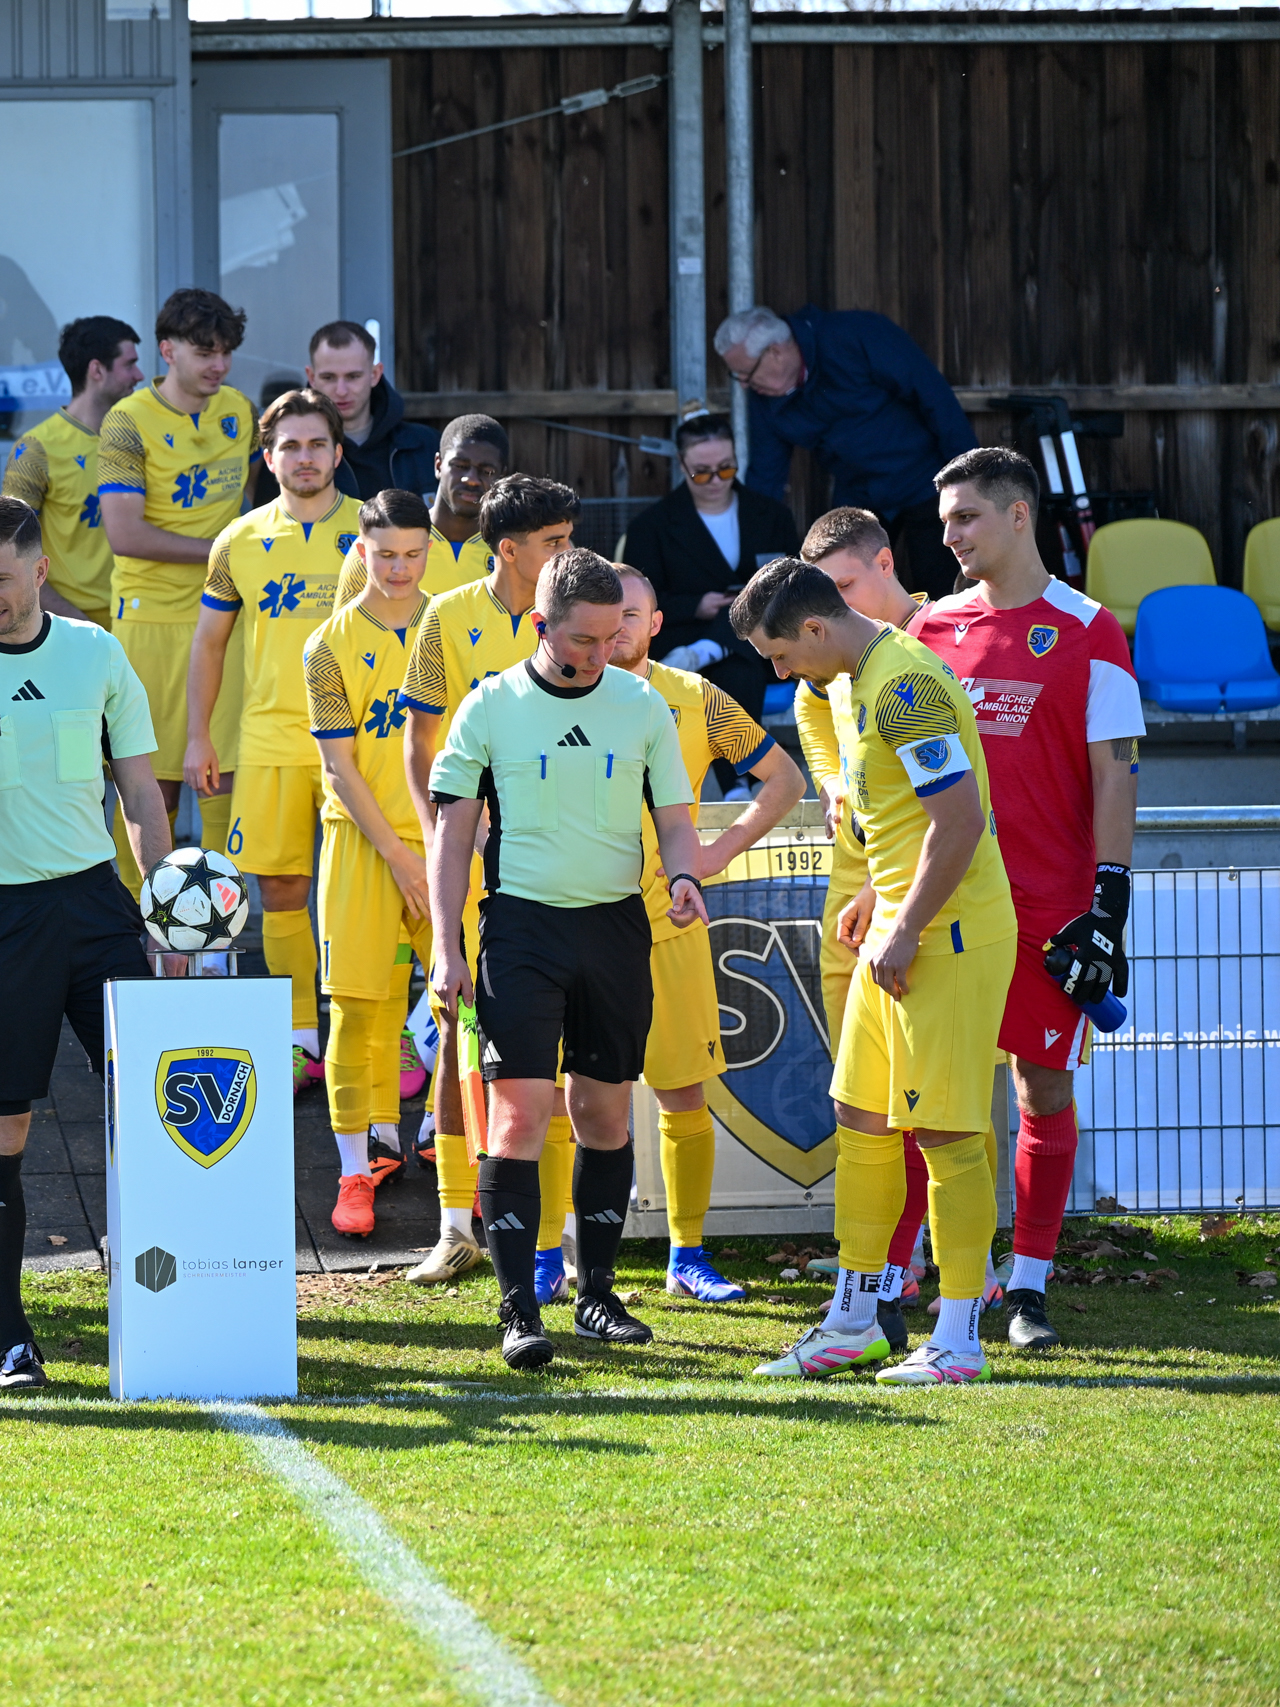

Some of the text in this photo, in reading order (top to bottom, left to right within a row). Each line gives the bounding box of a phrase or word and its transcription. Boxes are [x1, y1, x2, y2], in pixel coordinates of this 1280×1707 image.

[22, 370, 67, 395] e.V.
[976, 702, 1033, 714] AMBULANZ
[997, 694, 1036, 705] AICHER
[996, 713, 1029, 723] UNION
[227, 816, 243, 855] 6
[775, 850, 824, 872] 1992
[196, 1049, 214, 1057] 1992
[161, 1071, 233, 1127] SV
[221, 1064, 250, 1122] DORNACH
[182, 1257, 284, 1272] tobias langer
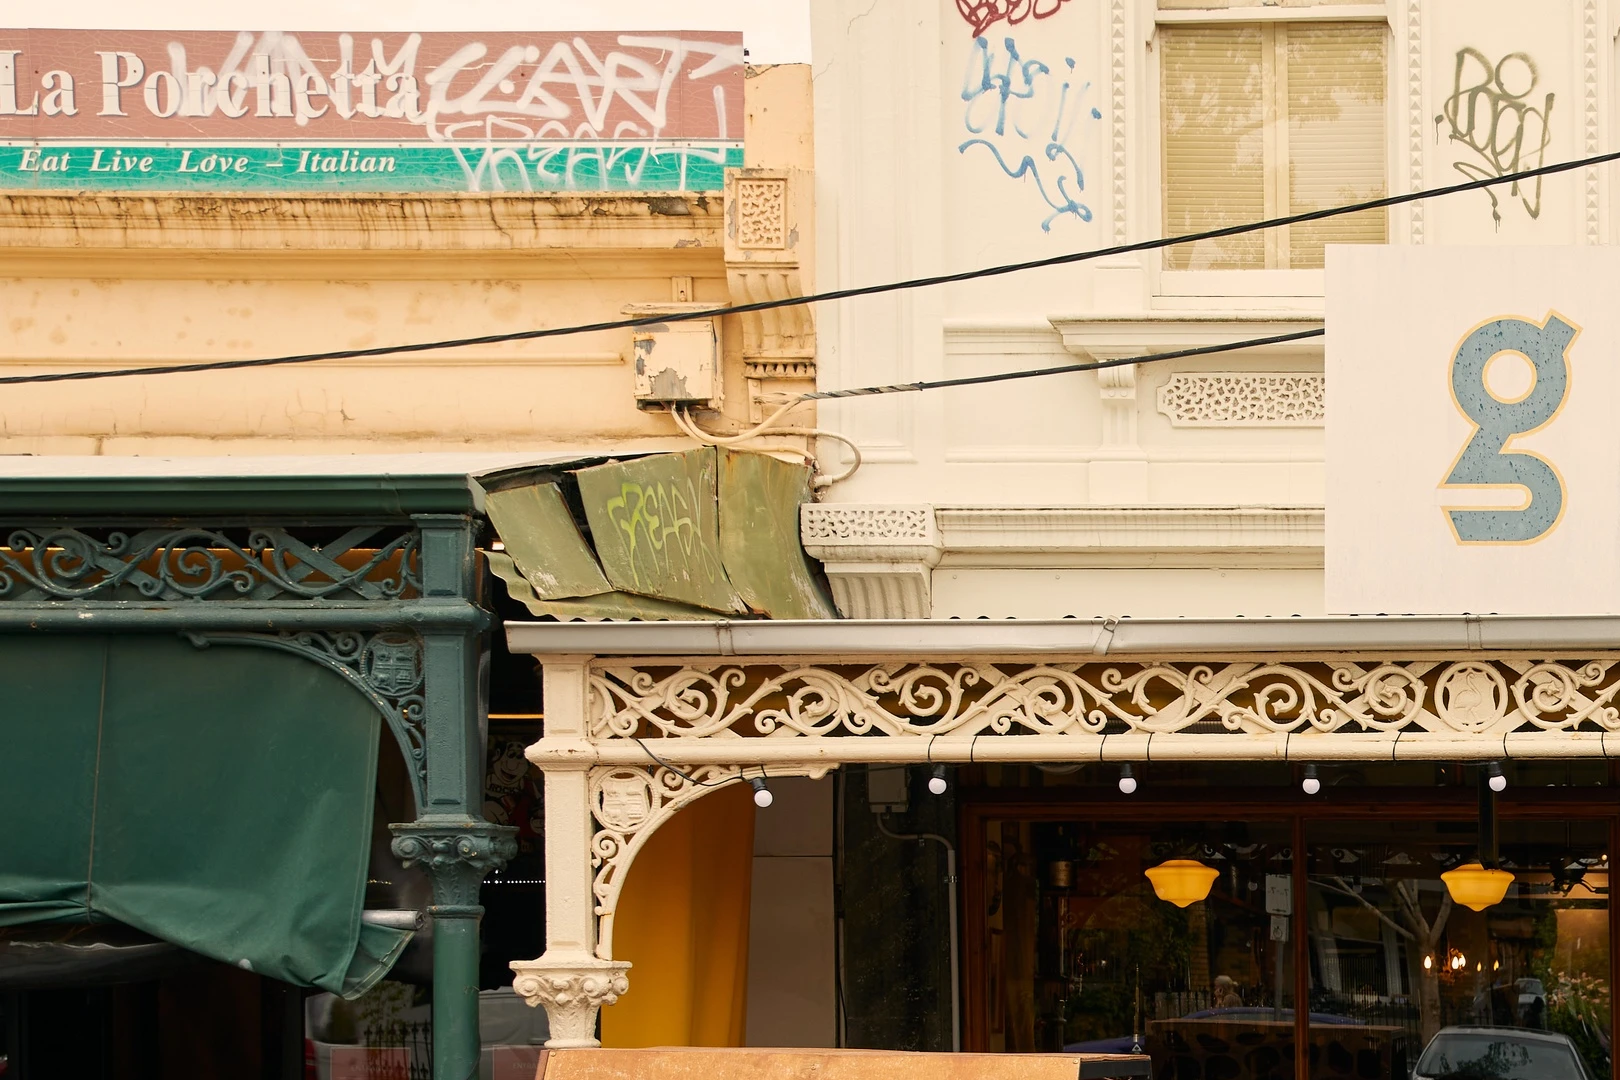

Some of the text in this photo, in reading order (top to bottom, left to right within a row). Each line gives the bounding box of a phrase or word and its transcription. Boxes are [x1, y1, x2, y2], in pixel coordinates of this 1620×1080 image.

[0, 50, 79, 117] La
[96, 51, 425, 119] Porchetta
[18, 148, 70, 172] Eat
[89, 149, 153, 172] Live
[178, 149, 248, 173] Love
[297, 149, 397, 173] Italian
[1437, 308, 1583, 546] g
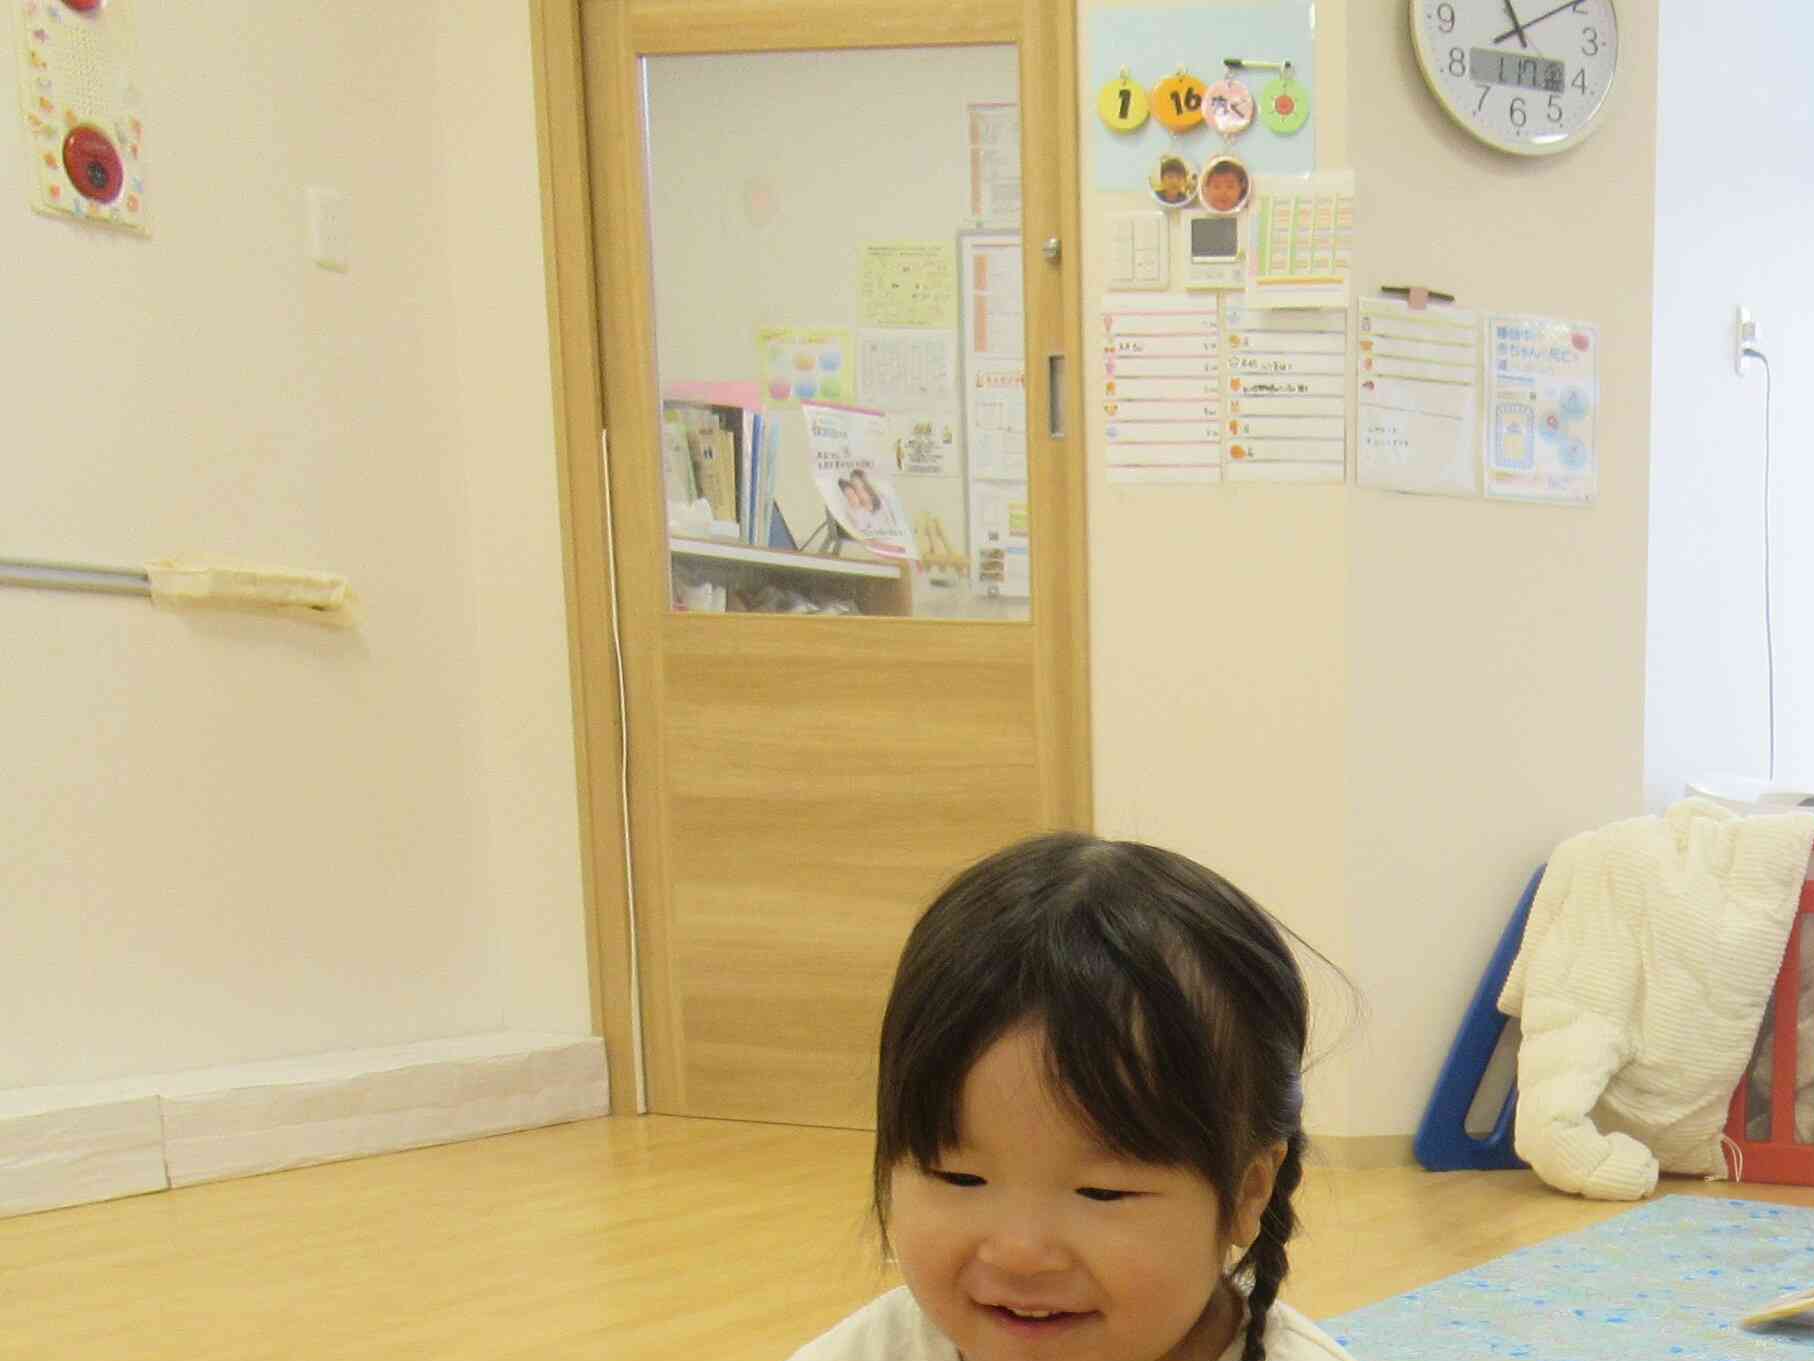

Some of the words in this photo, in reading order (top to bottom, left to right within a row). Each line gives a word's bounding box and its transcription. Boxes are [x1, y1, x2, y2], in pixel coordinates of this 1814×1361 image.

[1436, 3, 1454, 33] 9
[1582, 27, 1598, 56] 3
[1448, 47, 1465, 78] 8
[1571, 67, 1587, 95] 4
[1118, 89, 1131, 120] 1
[1170, 87, 1202, 116] 16
[1474, 84, 1490, 111] 7
[1510, 97, 1526, 127] 6
[1547, 95, 1563, 123] 5
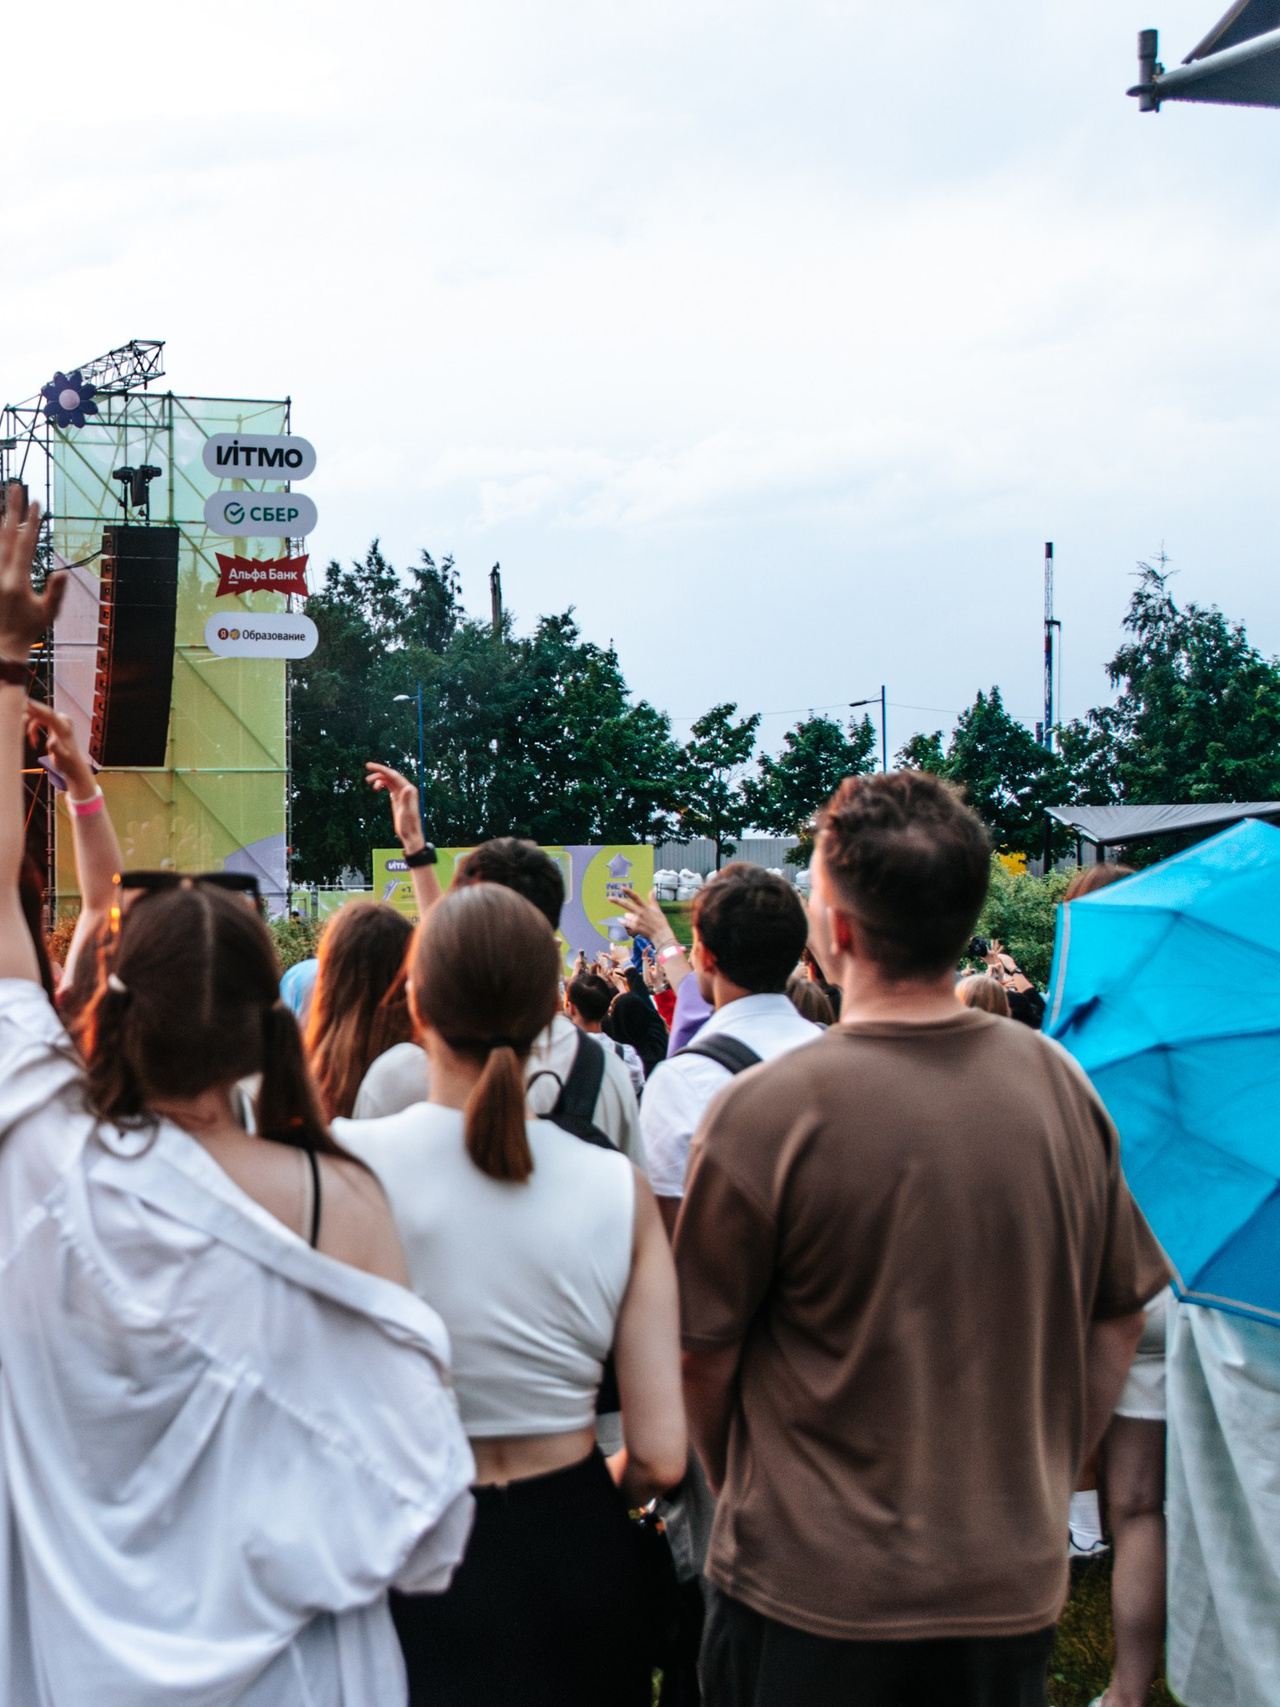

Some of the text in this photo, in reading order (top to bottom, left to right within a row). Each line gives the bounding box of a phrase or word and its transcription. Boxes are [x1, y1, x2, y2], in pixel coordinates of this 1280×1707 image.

[250, 506, 299, 522] СБЕР
[228, 568, 298, 584] Альфа Банк
[242, 629, 306, 642] Образование

◆ Activity:
When you copy the entries above, keep every word exactly and omit the images.

◆ Solution to the exercise:
Some of the text in this photo, in reading order (top to bottom, left to right within a row). Each line gives the bounding box of a phrase or word and its transcription. Boxes are [x1, y1, x2, y2], in pixel coordinates of this 1280×1707 image.

[22, 370, 67, 395] e.V.
[976, 702, 1033, 714] AMBULANZ
[997, 694, 1036, 705] AICHER
[996, 713, 1029, 723] UNION
[227, 816, 243, 855] 6
[775, 850, 824, 872] 1992
[196, 1049, 214, 1057] 1992
[161, 1071, 233, 1127] SV
[221, 1064, 250, 1122] DORNACH
[182, 1257, 284, 1272] tobias langer

Some of the text in this photo, in reading order (top to bottom, left to right within a row). Each line gives the bounding box of a phrase or word and its transcription. Boxes are [x1, y1, x2, y2], in pixel coordinates of this 1620×1080 image.

[0, 50, 79, 117] La
[96, 51, 425, 119] Porchetta
[18, 148, 70, 172] Eat
[89, 149, 153, 172] Live
[178, 149, 248, 173] Love
[297, 149, 397, 173] Italian
[1437, 308, 1583, 546] g

Some of the words in this photo, in reading order (top to bottom, left to right within a row). Each line gives a word's bounding box and its transcription. Boxes are [x1, y1, x2, y2], in pixel coordinates of this 1814×1361 image.

[1436, 3, 1454, 33] 9
[1582, 27, 1598, 56] 3
[1448, 47, 1465, 78] 8
[1571, 67, 1587, 95] 4
[1118, 89, 1131, 120] 1
[1170, 87, 1202, 116] 16
[1474, 84, 1490, 111] 7
[1510, 97, 1526, 127] 6
[1547, 95, 1563, 123] 5

Some of the text in this photo, in reading order (top to bottom, left to right within a row). Each line gives the bounding box of a phrase or word and its transcription. Boxes are [x1, y1, x2, y2], in pixel coordinates of this 1280×1707 image.

[250, 506, 299, 522] СБЕР
[228, 568, 298, 584] Альфа Банк
[242, 629, 306, 642] Образование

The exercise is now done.